Line by line, copy out the entries exactly and leave the pictures behind.

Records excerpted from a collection
- - - - - - -

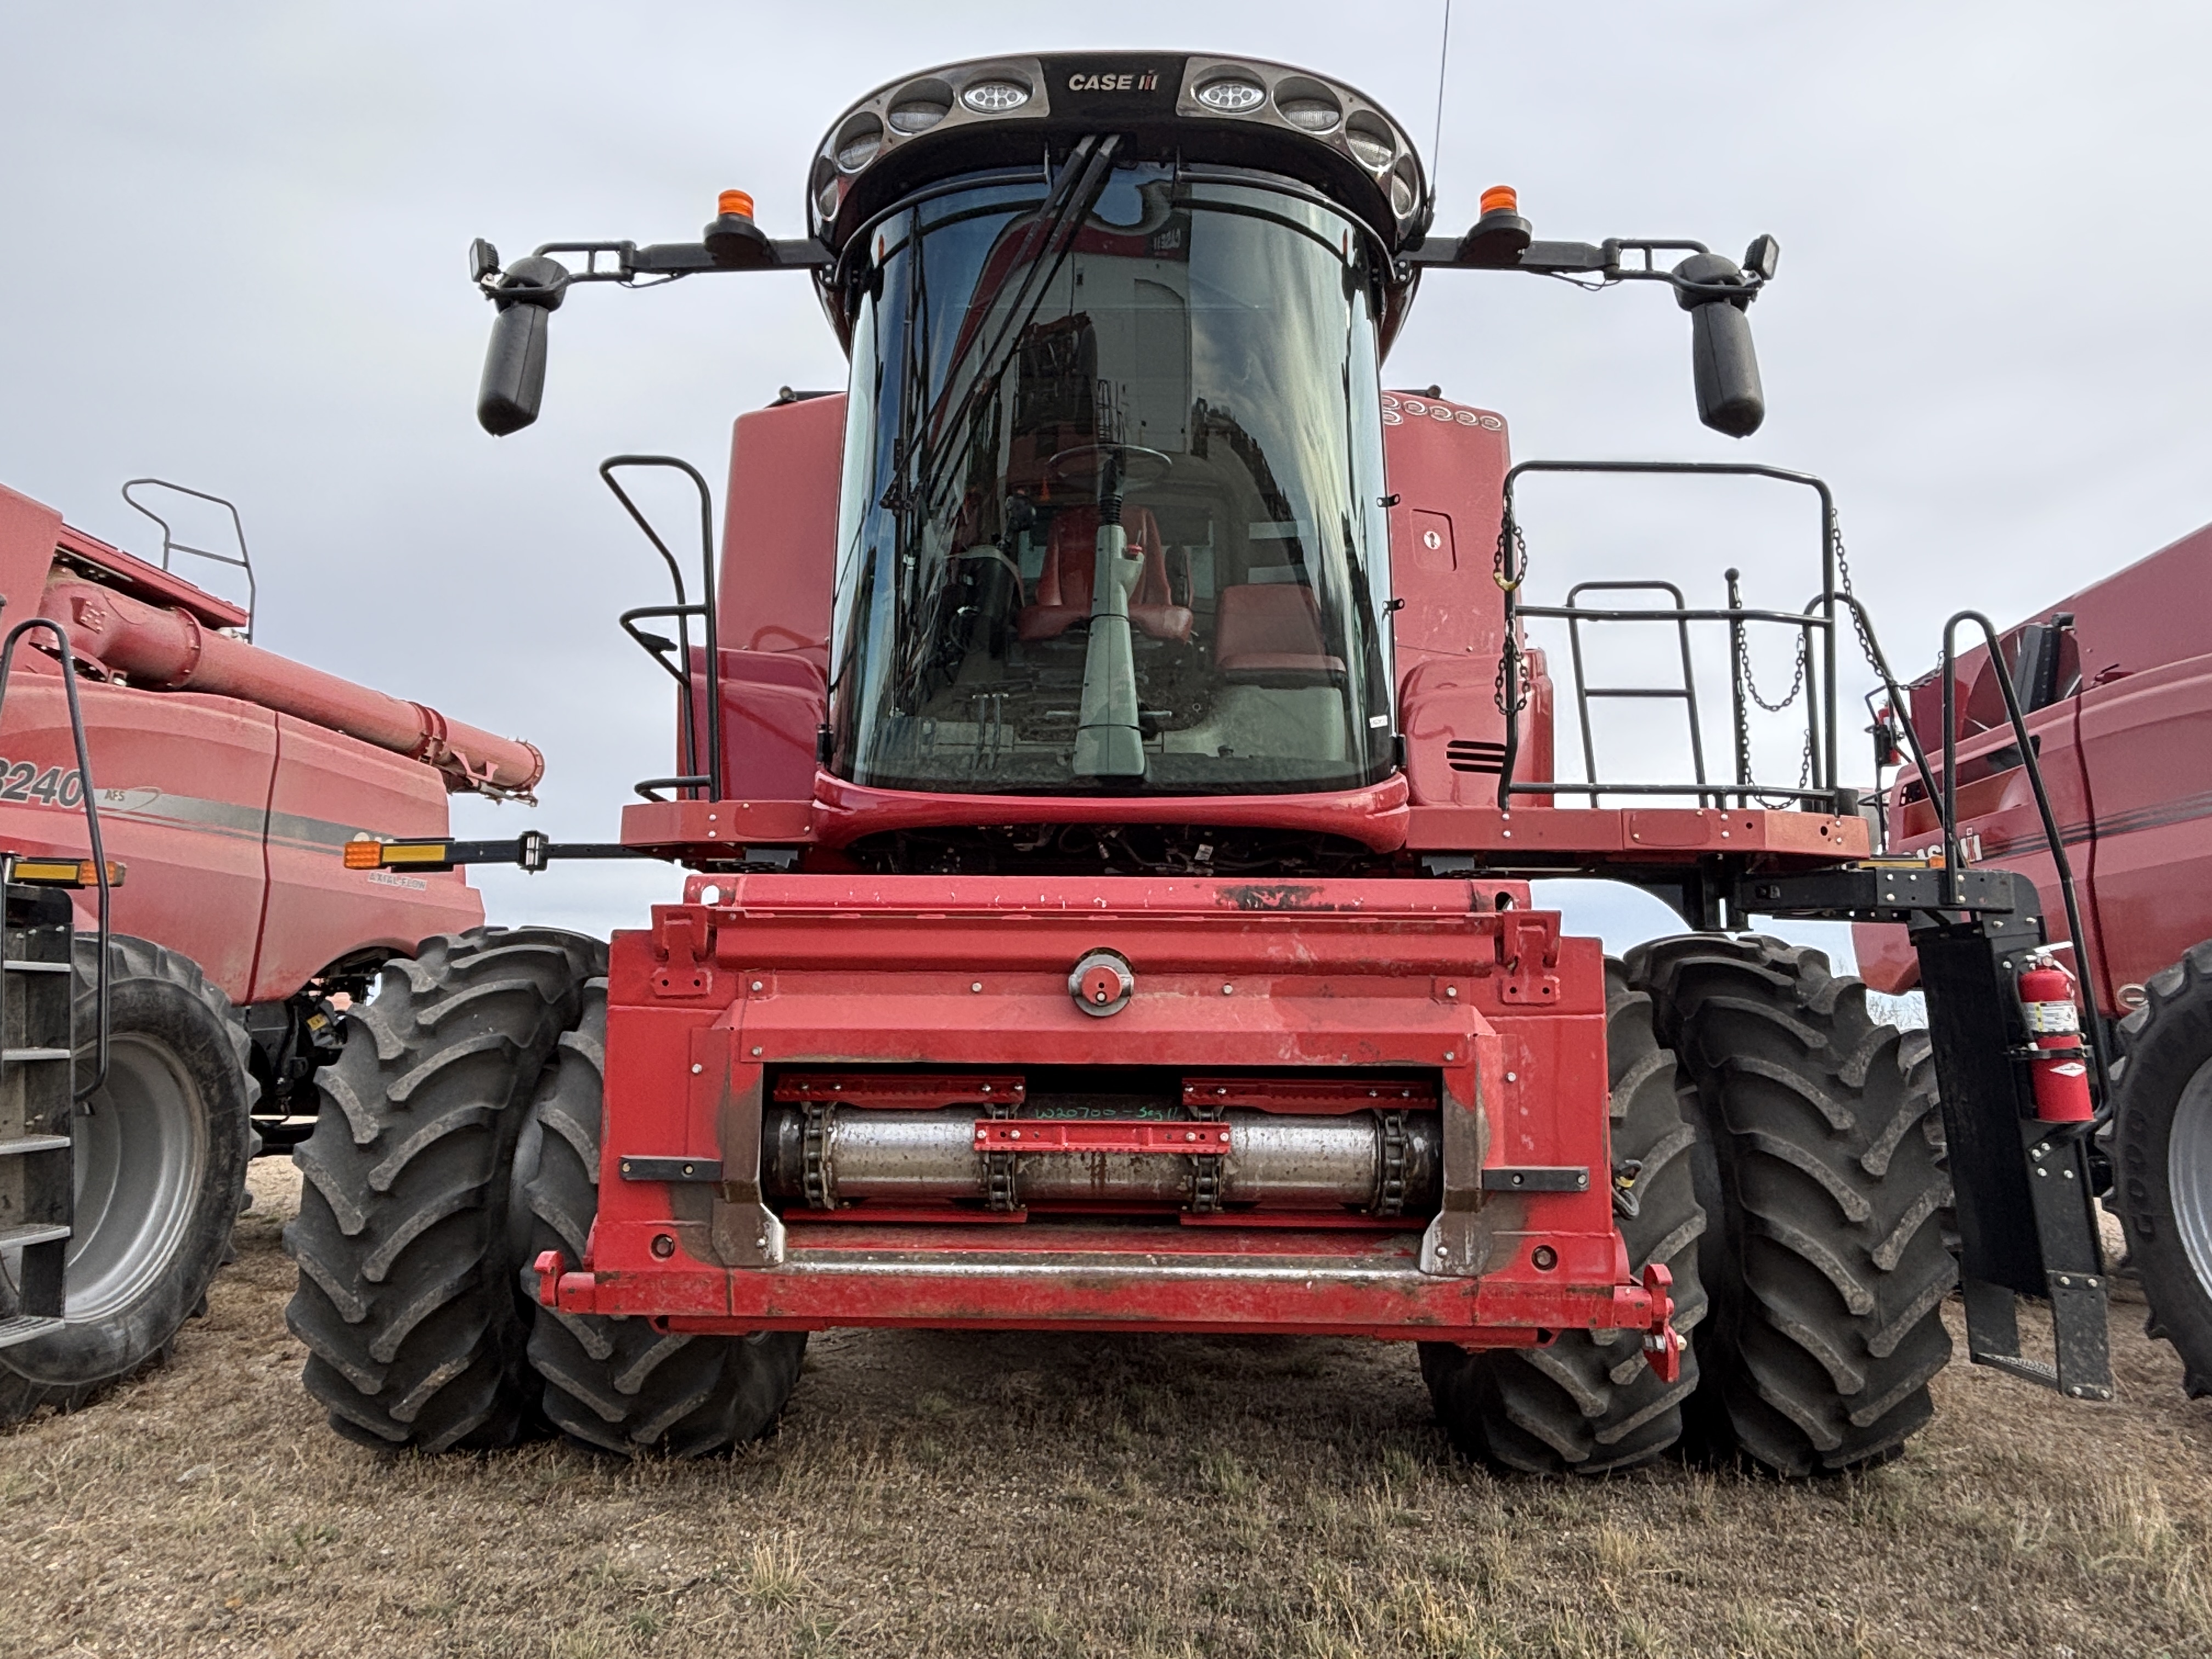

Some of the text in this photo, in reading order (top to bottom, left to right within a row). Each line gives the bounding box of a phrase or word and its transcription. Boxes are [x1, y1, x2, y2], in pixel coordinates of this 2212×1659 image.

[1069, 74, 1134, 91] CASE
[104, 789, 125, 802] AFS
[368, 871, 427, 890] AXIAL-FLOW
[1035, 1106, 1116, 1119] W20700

- - - - - - -

> _Finished task_:
Some of the text in this photo, in reading order (top to bottom, left to right within a row). Each line gives the bounding box of a phrase or word and its transcription. Boxes are [x1, y1, x2, y2], in pixel coordinates of this 2212×1659 image.

[1069, 74, 1134, 91] CASE
[104, 789, 125, 802] AFS
[368, 871, 427, 890] AXIAL-FLOW
[1035, 1106, 1116, 1119] W20700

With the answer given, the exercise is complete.